Update: Trump Wins Stay of Ruling that Blocked DEI Executive Orders

The courtroom battle over DEI initiatives rages on.
In the latest development in an important ongoing case, a federal appeals court has temporarily blocked a ruling that halted enforcement of key provisions in two anti-DEI executive orders issued by President Trump shortly after he took office.
The ruling freezes the pendulum in a case that still has a way to go before a final resolution is reached.
Background: Fast-Moving DEI Case Reaches Appeals Panel
This case involves a challenge by three associations and the mayor and city council of Baltimore to key provisions of two executive orders Trump signed soon after his inauguration.
Those orders declared war on DEI initiatives, including by:
- Directing executive agencies to terminate “equity-related” contracts.
- Directing executive agencies to include in every contract or award a certification that the contractor/grantee does not operate programs “promoting DEI.”
- Directing the federal attorney general to encourage the private sector to end DEI, and to deter such programs via “civil compliance investigations.”
Those three specific directives are the focus of the suit. The plaintiffs say that in combination, they violate the Constitution’s Spending Clause and Free Speech Clause — and that they present further constitutional problems relating to vagueness and separation of powers.
Lower Court Hamstrings Enforcement of DEI Orders
They fared well overall with those arguments at the district court, which decided they were entitled to a preliminary injunction blocking enforcement of those provisions. The lower court issued its ruling based on the plaintiffs’ claims relating to free speech and vagueness.
It said that as to the provision requiring the termination of “equity-related” contracts and grants, the plaintiffs are likely to succeed on that allegation of unconstitutional vagueness.
The lower court also said that the plaintiffs are likely to win on their claim that the certification provision unconstitutionally restricts the free speech rights of federal contractors and grantees.
And the enforcement provision likely is unconstitutional because it threatens enforcement actions that are based on protected speech, the court decided.
Notably, the lower court said its injunction applied on a nationwide basis and extended to non-parties to the litigation.
The government’s predictable appeal followed on the heels of the February 21 decision to grant the requested relief. In the appeal, it asked a federal appeals court to grant its motion for a stay of the injunction pending appeal. Alternatively, it asked the appeals panel to limit the injunction’s application to the plaintiffs and named defendants in this litigation.
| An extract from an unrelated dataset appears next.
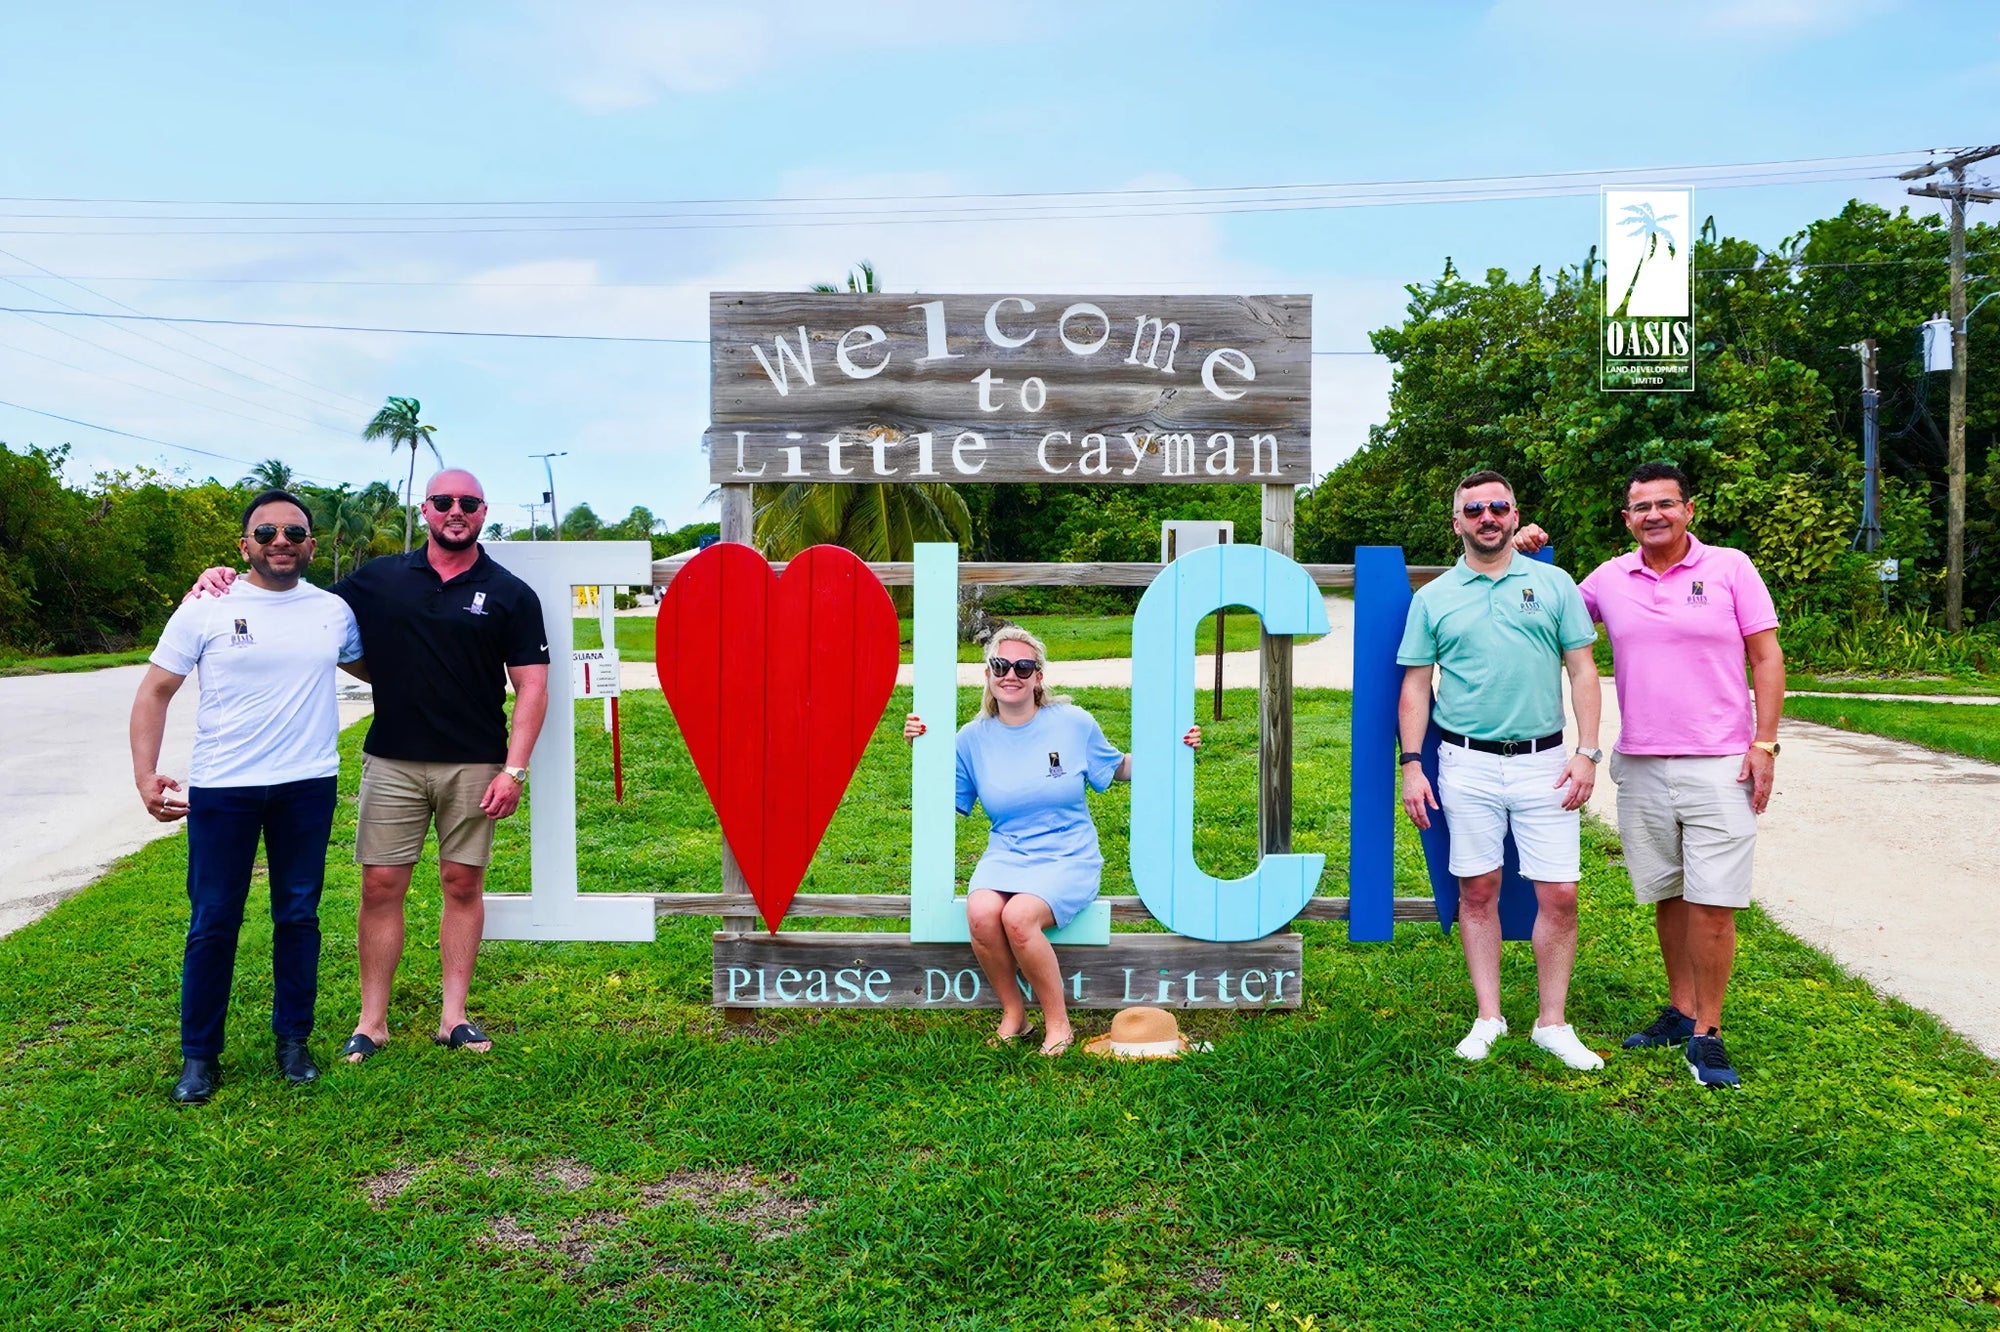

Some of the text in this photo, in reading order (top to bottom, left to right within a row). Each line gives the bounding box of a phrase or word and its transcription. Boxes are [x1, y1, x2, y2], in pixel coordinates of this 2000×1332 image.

In support of its application for a stay, the government said the challenged DEI orders are limited and do not purport to make all DEI efforts illegal.
Appeals Court: Hold on a Minute
In mid-March, a three-judge panel of the U.S. Court of Appeals for the Fourth Circuit issued a decision on the government’s motion.
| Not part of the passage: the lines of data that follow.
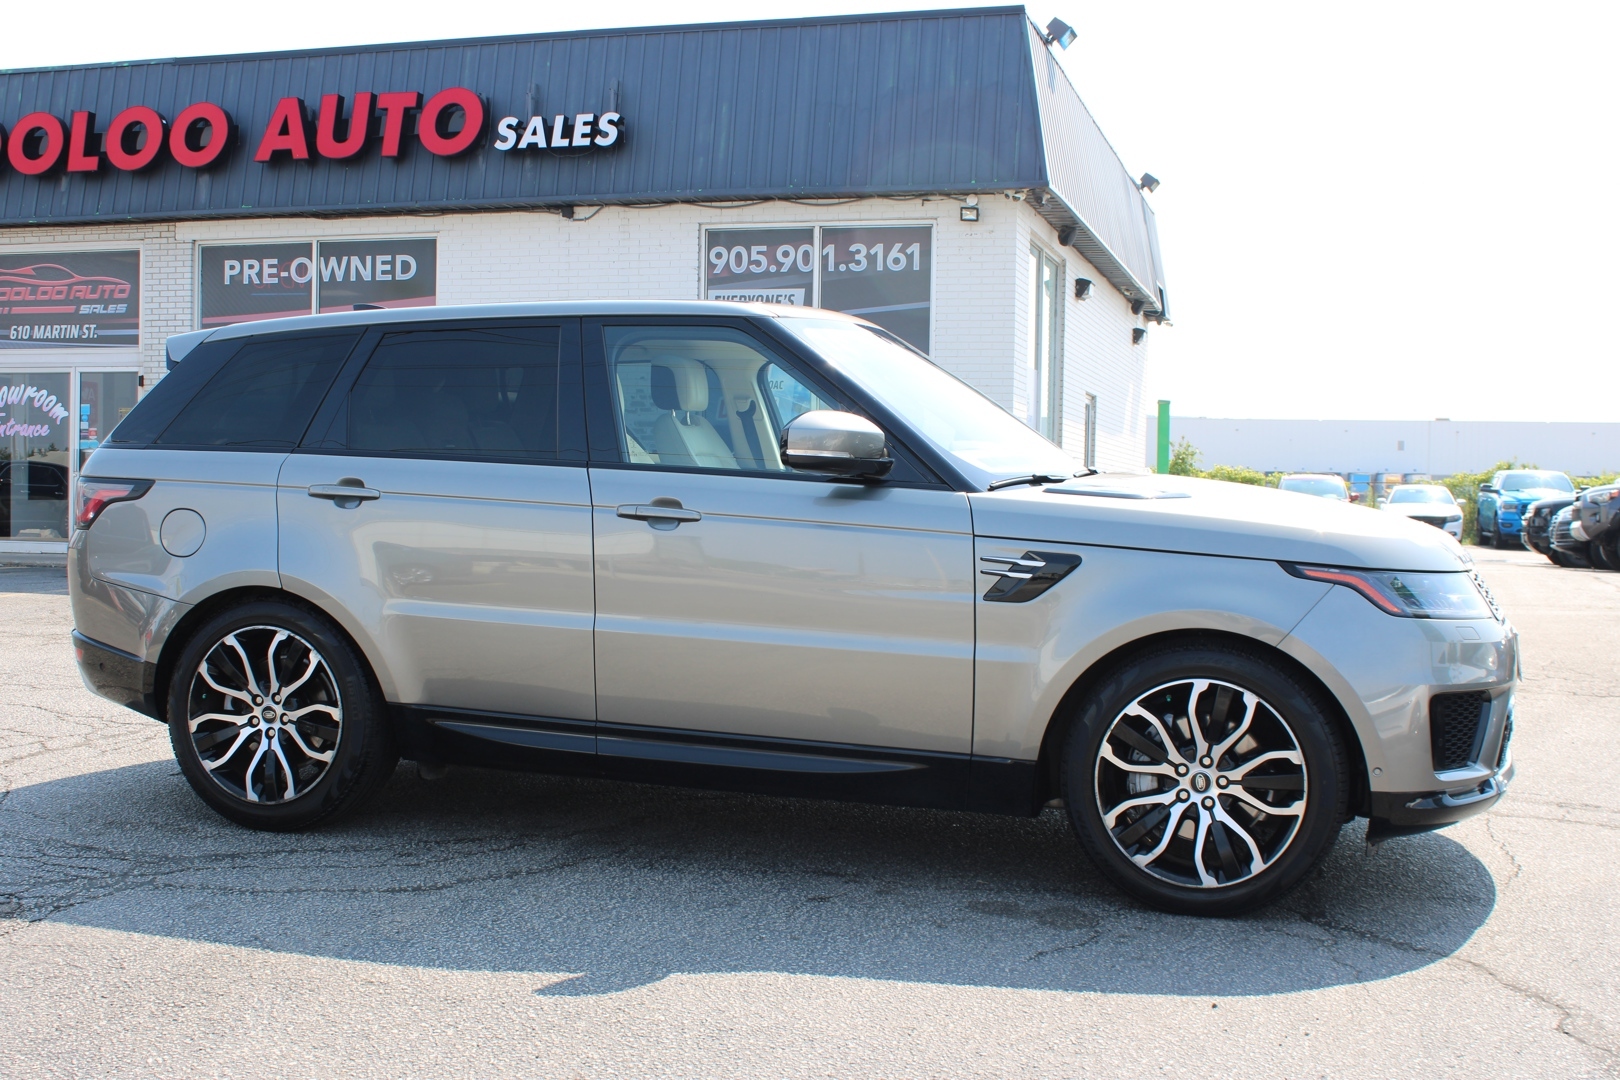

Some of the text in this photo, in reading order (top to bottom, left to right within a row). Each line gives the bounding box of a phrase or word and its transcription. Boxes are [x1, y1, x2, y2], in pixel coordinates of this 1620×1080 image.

[0, 87, 621, 176] OLOO AUTO SALES
[709, 242, 921, 274] 905.901.3161
[223, 254, 418, 286] PRE-OWNED
[69, 284, 131, 299] AUTO
[79, 304, 128, 315] SALES
[10, 324, 98, 340] 610 MARTIN ST.
[0, 415, 50, 438] ntrance
The panel decided that the government satisfied the factors needed to show entitlement to a stay. Those factors are:
- Whether the applicant for the stay is likely to succeed on the merits.
- Whether the applicant will be irreparably harmed if the stay is denied.
- Whether a stay will substantially injure the other side.
- Whether granting a stay is in the public interest.
The appeals court’s order concluded that the applicable factors have been satisfied.
An important point to note about the appeals court’s order is the fact that two of the three appeals panel judges, while concurring with the conclusion that a stay is warranted, nonetheless expressed their clear support for DEI programs.
Judges Express Support for DEI Programs
Chief Judge Albert Diaz said people who work to promote DEI “deserve praise, not opprobrium,” and Judge Pamela Harris echoed that sentiment. Diaz also suggested that there is a vagueness problem with the challenged executive orders, commenting that “neither order ever defines DEI or its component terms.”
In other words, it’s one thing to say that a stay was warranted – but it’s quite another to say that the issuance of a stay presages an ultimate win for the government on the merits.
This latest development is a win for the government to the extent that it places the stay on hold. But there are also subtle signals that the challenged order provisions may ultimately be invalidated.
Remember: The appeals court did not make a final decision on the fate of these DEI executive orders. Instead, the case now moves to a more in-depth court analysis of their validity.
National Ass’n of Diversity Officers in Higher Education v. Trump, No. 25-1189 (4th Cir. 3/14/25).